Model of the Interaction between the NF-κB Inhibitory Protein p100 and the E3 Ubiquitin Ligase ß-TrCP based on NMR and Docking Experiments.

ABSTRACT

NF-κB is a major transcription factor whose activation is triggered through two main activation pathways the canonical pathway involving disruption of IκB-α/NF-κB complexes and the alternative pathway whose activation relies on the inducible proteolysis of the inhibitory protein p100. One central step controlling p100 processing consists in the interaction of the E3 ubiquitin ligase ß-TrCP with p100, thereby leading to its ubiquitinylation and subsequent either complete degradation or partial proteolysis by the proteasome. However, the interaction mechanism between p100 and ß-TrCP is still poorly defined.
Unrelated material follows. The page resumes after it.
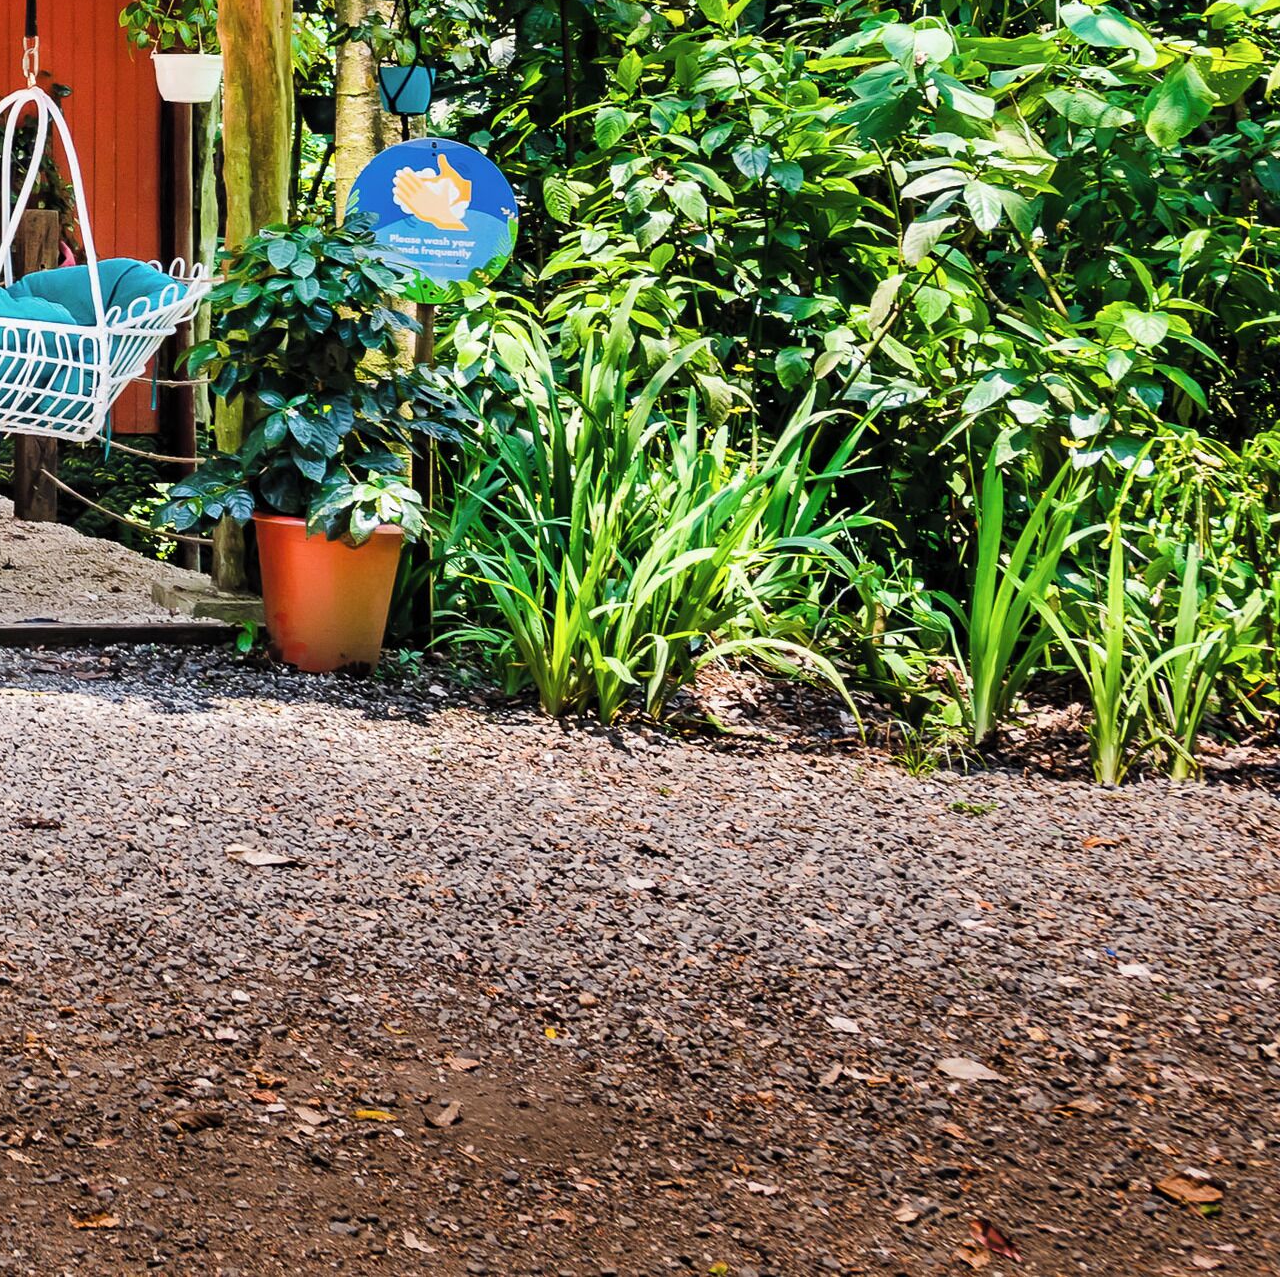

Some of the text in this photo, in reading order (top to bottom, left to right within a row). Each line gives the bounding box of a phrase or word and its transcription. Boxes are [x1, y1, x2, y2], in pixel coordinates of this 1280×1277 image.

[389, 233, 476, 249] Please wash your
[421, 245, 472, 259] frequently
In this work, a diphosphorylated 21-mer p100 peptide model containing the phosphodegron motif was used to characterize the interaction with ß-TrCP by NMR. In parallel, docking simulations were performed in order to obtain a model of the 21P-p100/ß-TrCP complex. Saturation transfer difference (STD) experiments were performed in order to highlight the residues of p100 involved in the interaction with the ß-TrCP protein. These results highlighted the importance of pSer865 and pSer869 residues in the interaction with ß-TrCP and particularly the Tyr867 that fits inside the hydrophobe ß-TrCP cavity with the Arg474 guanidinium group. Four other arginines, Arg285, Arg410, Arg431, and Arg521, were found essential in the stabilization of p100 on the ß-TrCP surface. Importantly, the requirement for these five arginine residues of ß-TrCP for the interaction with p100 was further confirmed in vivo, thereby validating the docking model through a biological approach.